┌─ Supplied material

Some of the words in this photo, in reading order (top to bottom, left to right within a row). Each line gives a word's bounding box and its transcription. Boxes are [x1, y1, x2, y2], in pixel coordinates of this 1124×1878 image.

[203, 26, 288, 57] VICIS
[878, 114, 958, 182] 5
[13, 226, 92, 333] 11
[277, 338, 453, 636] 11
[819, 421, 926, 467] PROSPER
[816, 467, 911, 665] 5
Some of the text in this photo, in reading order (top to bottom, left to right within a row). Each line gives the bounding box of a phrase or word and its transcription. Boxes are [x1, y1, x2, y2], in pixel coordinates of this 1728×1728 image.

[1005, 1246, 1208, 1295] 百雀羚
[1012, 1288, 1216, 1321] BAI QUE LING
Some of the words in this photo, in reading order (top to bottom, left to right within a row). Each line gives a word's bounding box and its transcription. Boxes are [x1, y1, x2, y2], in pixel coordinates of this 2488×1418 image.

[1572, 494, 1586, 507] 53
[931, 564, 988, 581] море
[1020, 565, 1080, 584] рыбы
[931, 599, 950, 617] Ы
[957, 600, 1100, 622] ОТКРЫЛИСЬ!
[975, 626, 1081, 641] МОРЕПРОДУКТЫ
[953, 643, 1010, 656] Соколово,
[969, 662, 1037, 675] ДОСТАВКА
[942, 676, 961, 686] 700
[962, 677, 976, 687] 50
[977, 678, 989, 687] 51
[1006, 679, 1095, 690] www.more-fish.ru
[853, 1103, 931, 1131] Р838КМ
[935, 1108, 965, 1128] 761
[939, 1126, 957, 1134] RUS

└─

Each line of the data must be returned exactly.

- _Task result_
Some of the words in this photo, in reading order (top to bottom, left to right within a row). Each line gives a word's bounding box and its transcription. Boxes are [x1, y1, x2, y2], in pixel coordinates of this 1124×1878 image.

[203, 26, 288, 57] VICIS
[878, 114, 958, 182] 5
[13, 226, 92, 333] 11
[277, 338, 453, 636] 11
[819, 421, 926, 467] PROSPER
[816, 467, 911, 665] 5
Some of the text in this photo, in reading order (top to bottom, left to right within a row). Each line gives the bounding box of a phrase or word and its transcription. Boxes are [x1, y1, x2, y2], in pixel coordinates of this 1728×1728 image.

[1005, 1246, 1208, 1295] 百雀羚
[1012, 1288, 1216, 1321] BAI QUE LING
Some of the words in this photo, in reading order (top to bottom, left to right within a row). Each line gives a word's bounding box and its transcription. Boxes are [x1, y1, x2, y2], in pixel coordinates of this 2488×1418 image.

[1572, 494, 1586, 507] 53
[931, 564, 988, 581] море
[1020, 565, 1080, 584] рыбы
[931, 599, 950, 617] Ы
[957, 600, 1100, 622] ОТКРЫЛИСЬ!
[975, 626, 1081, 641] МОРЕПРОДУКТЫ
[953, 643, 1010, 656] Соколово,
[969, 662, 1037, 675] ДОСТАВКА
[942, 676, 961, 686] 700
[962, 677, 976, 687] 50
[977, 678, 989, 687] 51
[1006, 679, 1095, 690] www.more-fish.ru
[853, 1103, 931, 1131] Р838КМ
[935, 1108, 965, 1128] 761
[939, 1126, 957, 1134] RUS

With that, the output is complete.